=== ABOUT THIS TASK ===
Return the entries below in their exact form, leaving the pictures out.

********

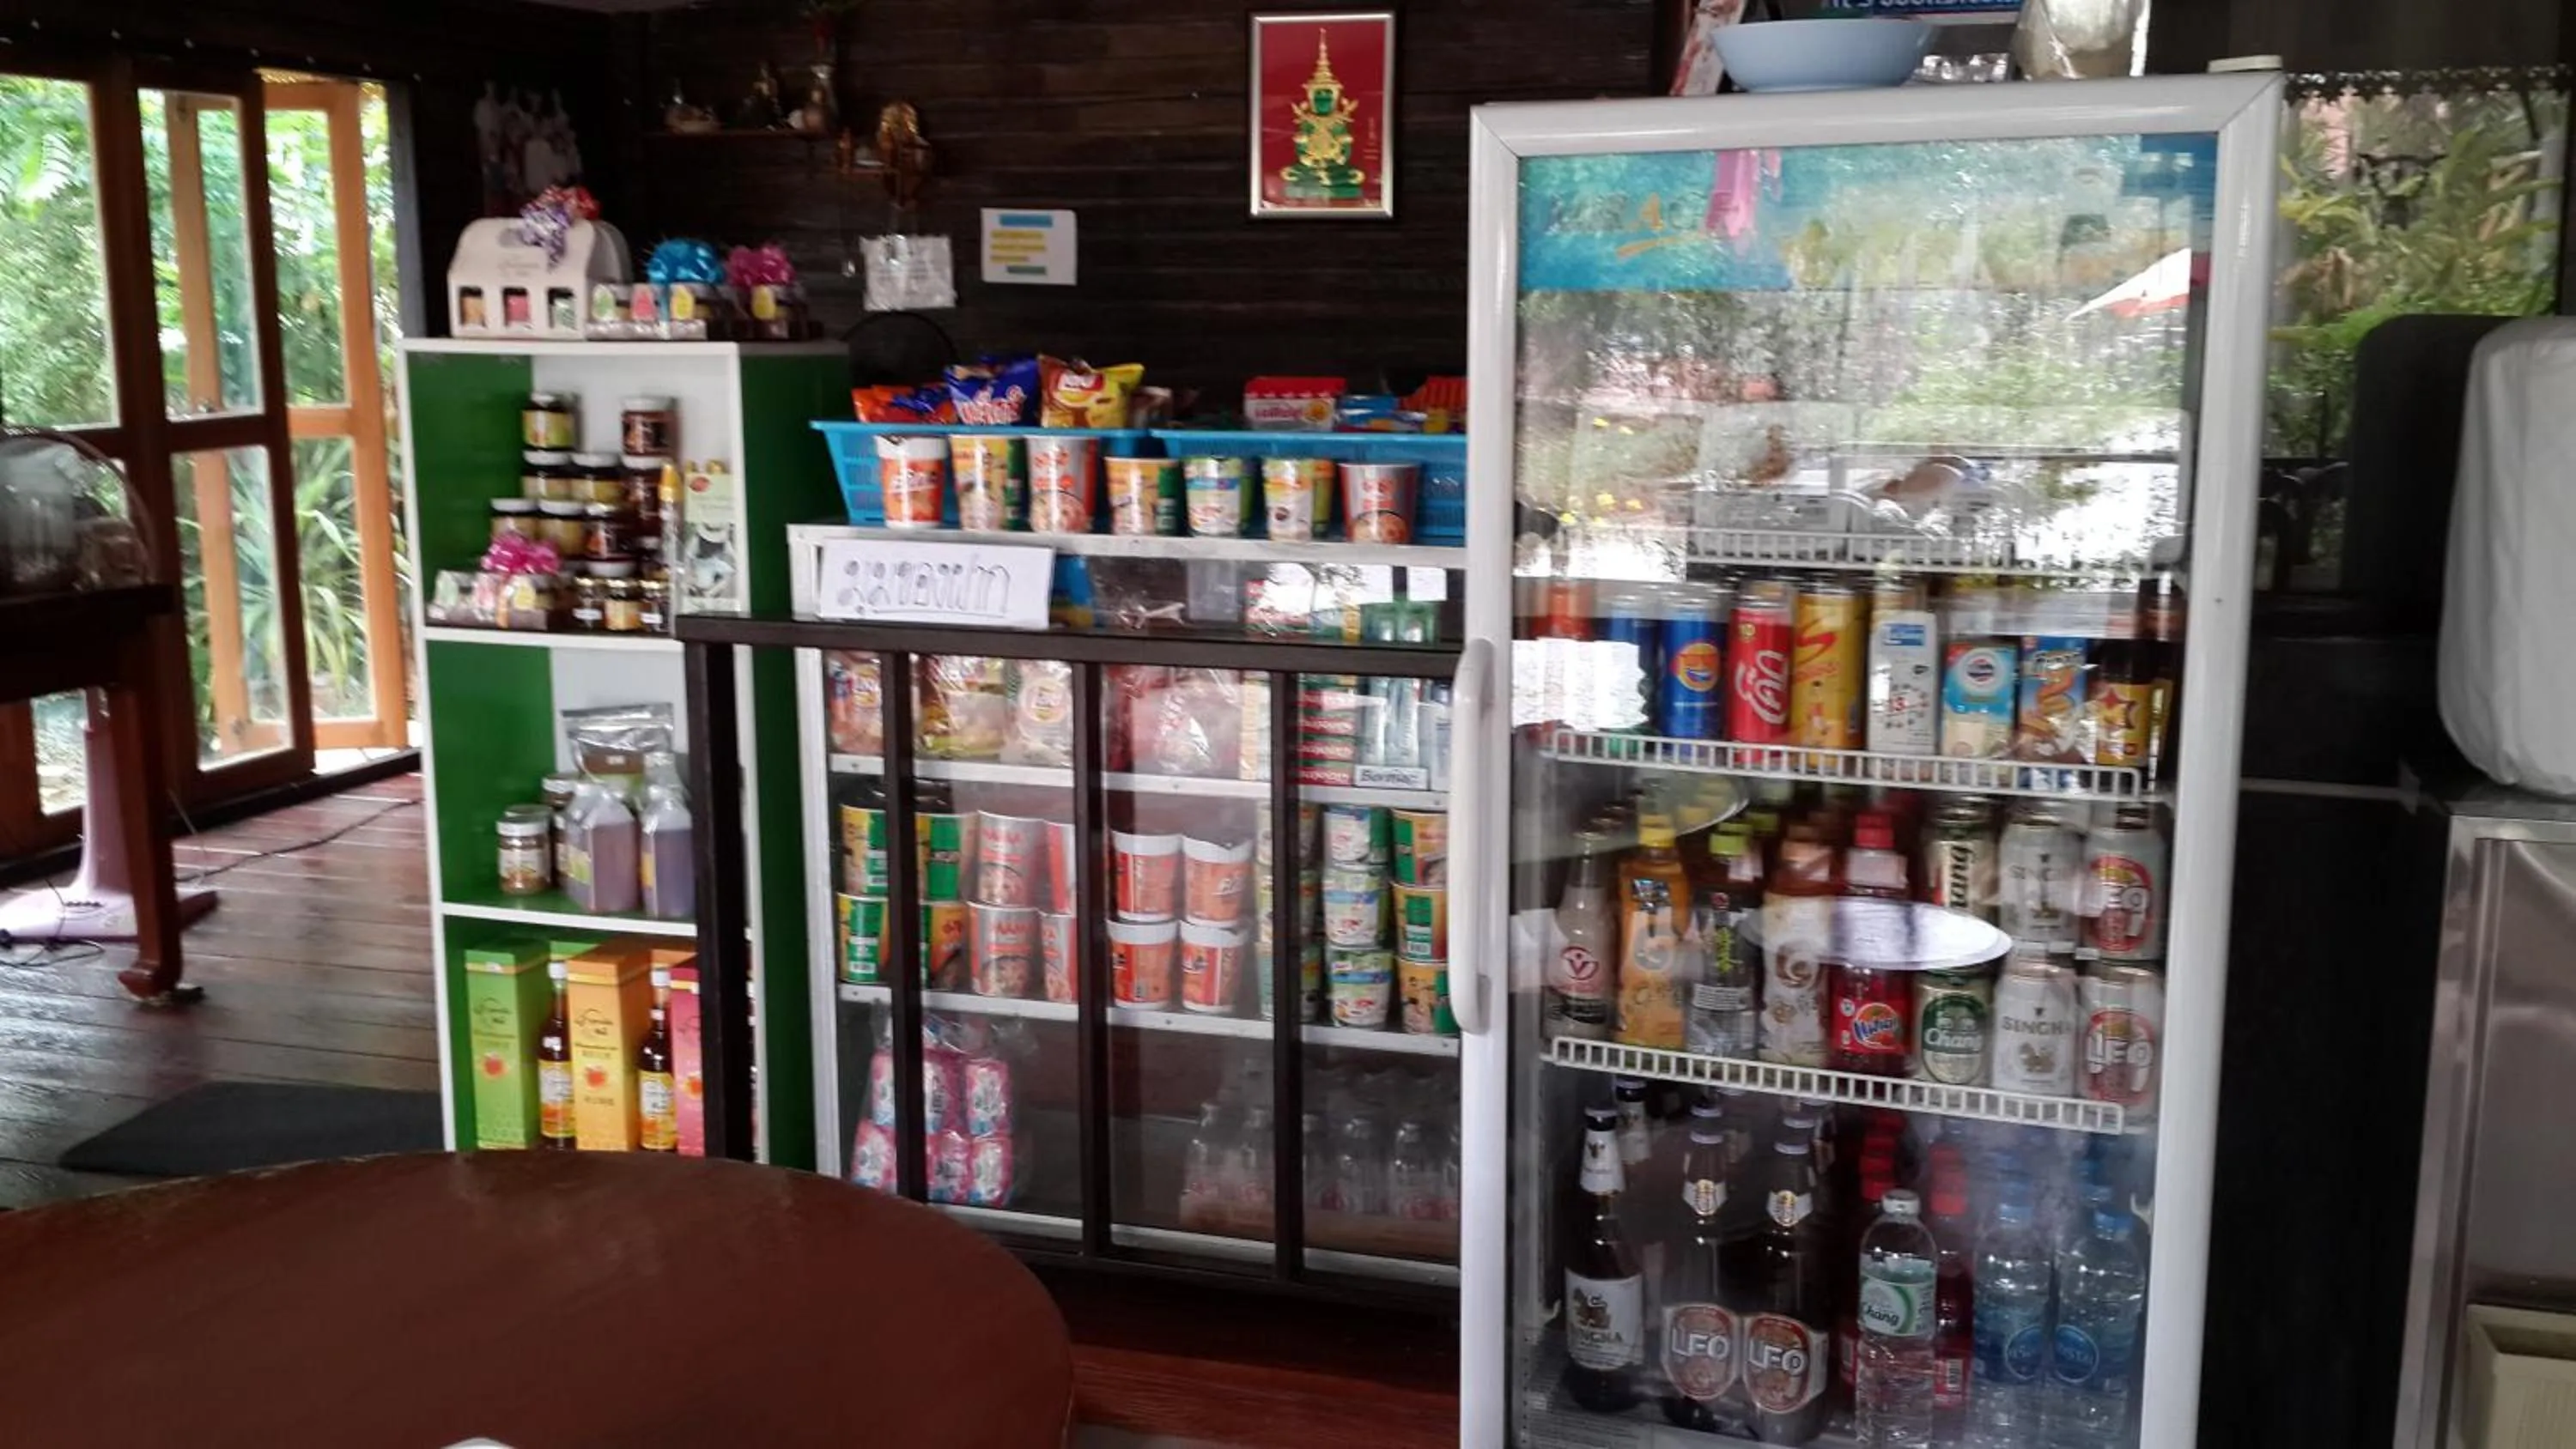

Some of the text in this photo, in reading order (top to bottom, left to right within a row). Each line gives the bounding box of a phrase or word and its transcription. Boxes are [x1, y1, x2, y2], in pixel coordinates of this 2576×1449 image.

[1949, 843, 1973, 908] ang
[1672, 1331, 1729, 1361] LEO
[1748, 1339, 1805, 1373] LEO
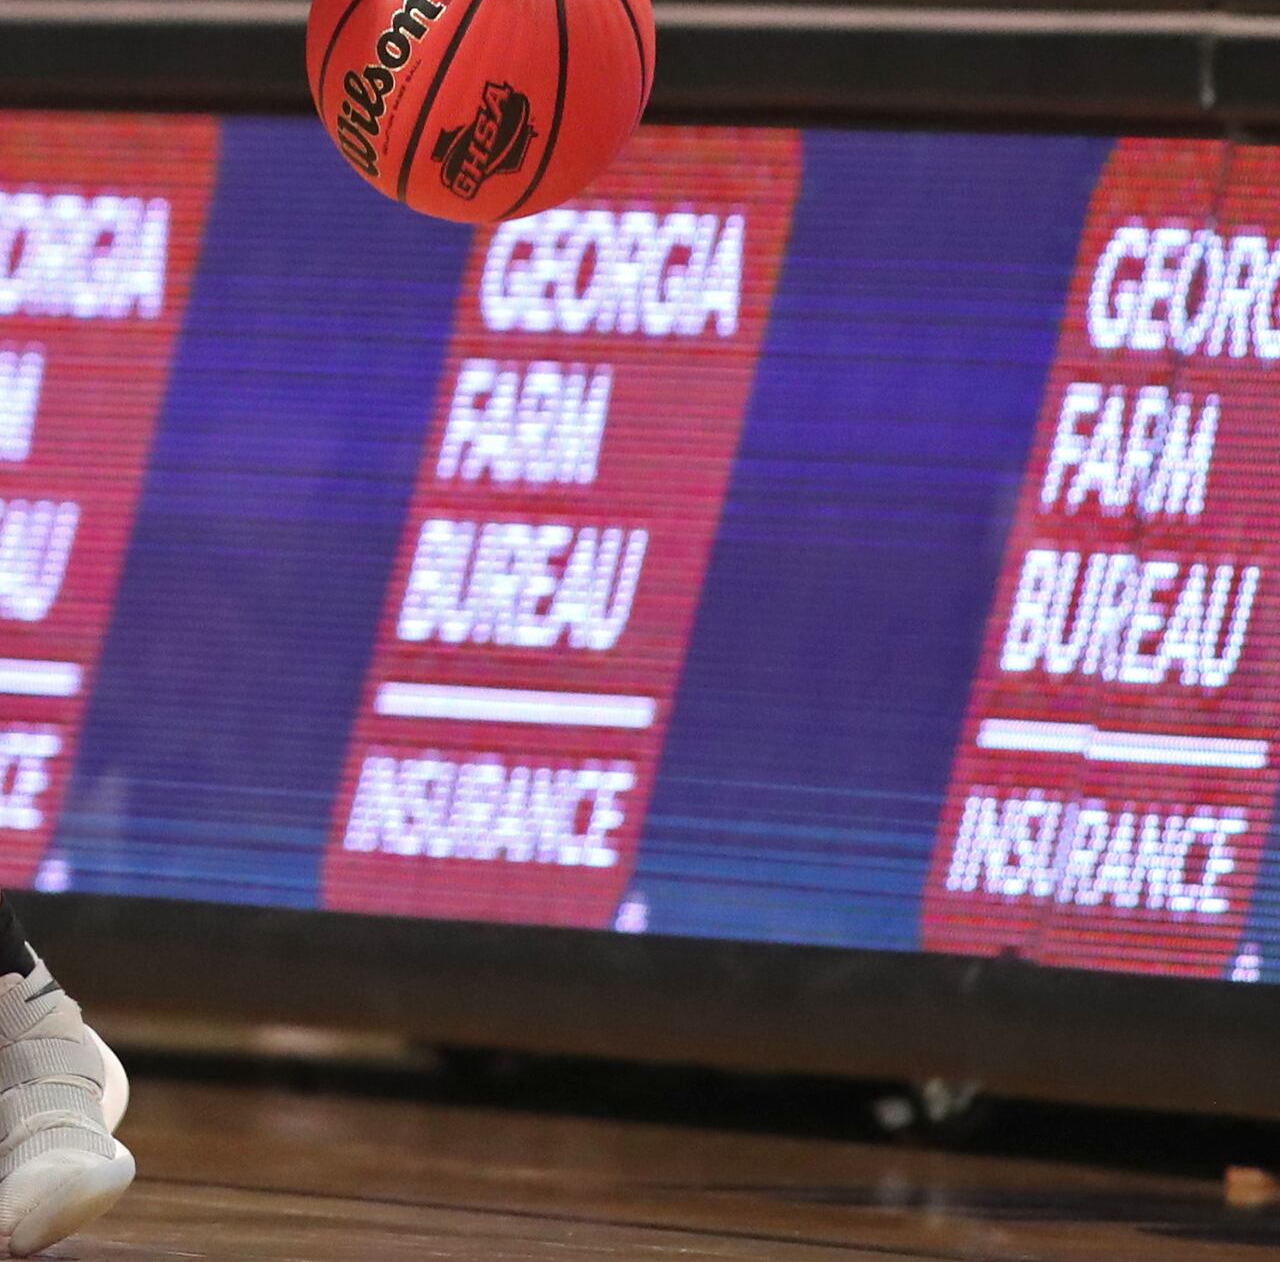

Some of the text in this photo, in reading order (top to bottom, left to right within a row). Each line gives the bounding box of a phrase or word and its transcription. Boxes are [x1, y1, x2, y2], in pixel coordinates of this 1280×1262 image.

[449, 83, 511, 199] GHSA
[481, 209, 744, 336] GEORGIA
[436, 361, 613, 483] FARM
[1041, 384, 1220, 514] FARM
[396, 520, 648, 650] BUREAU
[1000, 550, 1260, 688] BUREAU
[343, 750, 636, 867] INSURANCE
[945, 793, 1248, 913] INSURANCE
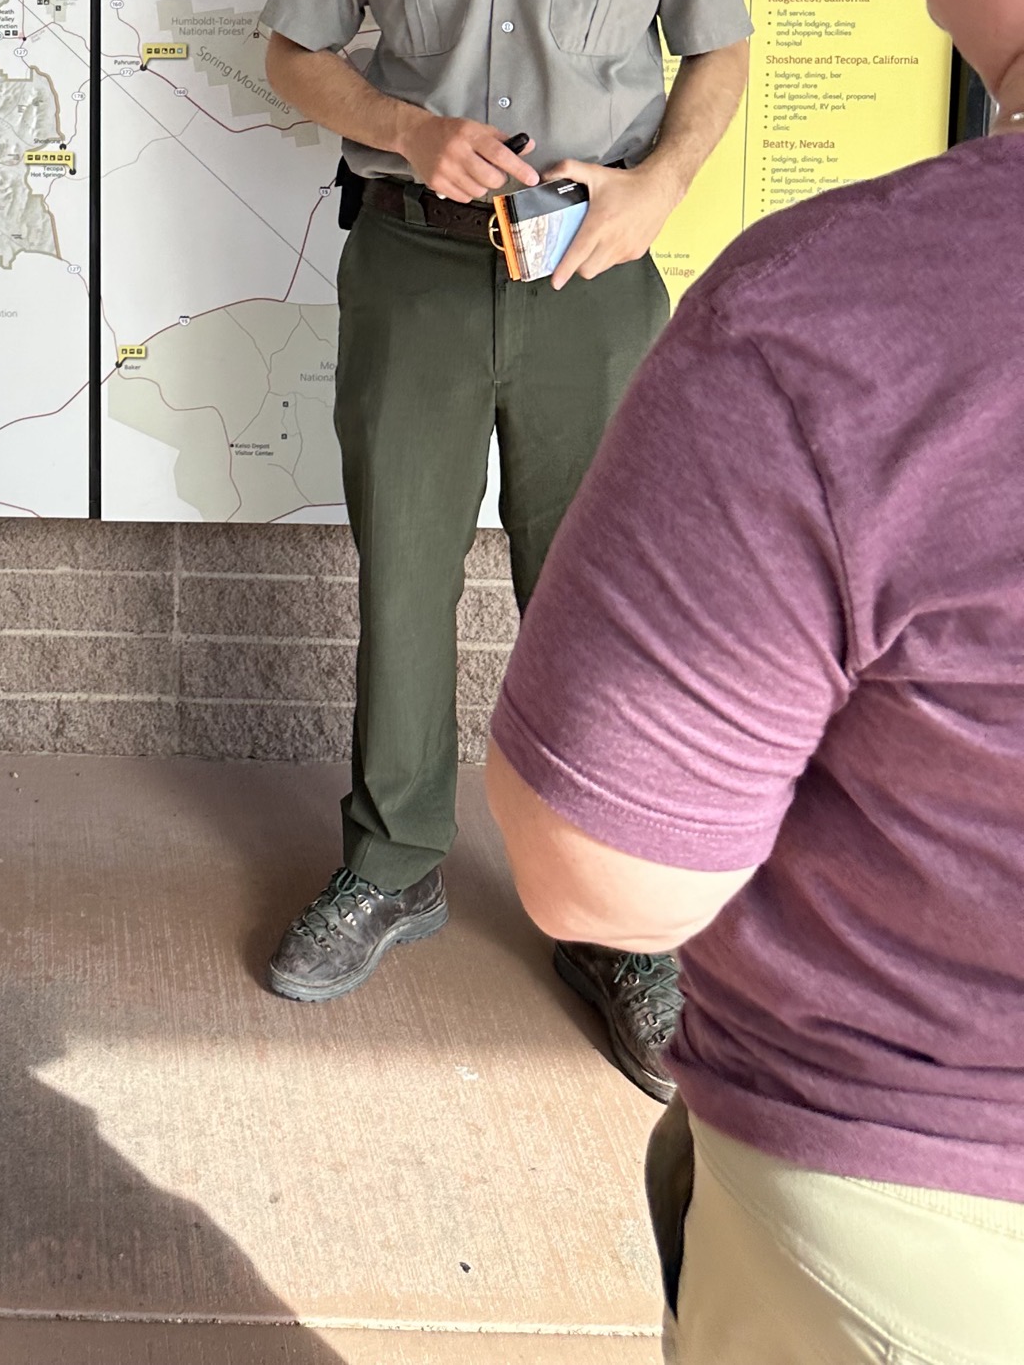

********

=== RESPONSE AREA ===
Some of the text in this photo, in reading order (top to bottom, left to right within a row). Each line gives the bounding box of a phrase or word and its transcription. Boxes are [x1, y1, x2, y2], in pixel coordinates of this 2576×1449 image.

[1949, 843, 1973, 908] ang
[1672, 1331, 1729, 1361] LEO
[1748, 1339, 1805, 1373] LEO

Some of the text in this photo, in reading order (top to bottom, left to right within a row). Each line gives the bounding box of a phrase or word and its transcription. Boxes are [x1, y1, x2, y2], in pixel coordinates of this 1280×1262 image.

[449, 83, 511, 199] GHSA
[481, 209, 744, 336] GEORGIA
[436, 361, 613, 483] FARM
[1041, 384, 1220, 514] FARM
[396, 520, 648, 650] BUREAU
[1000, 550, 1260, 688] BUREAU
[343, 750, 636, 867] INSURANCE
[945, 793, 1248, 913] INSURANCE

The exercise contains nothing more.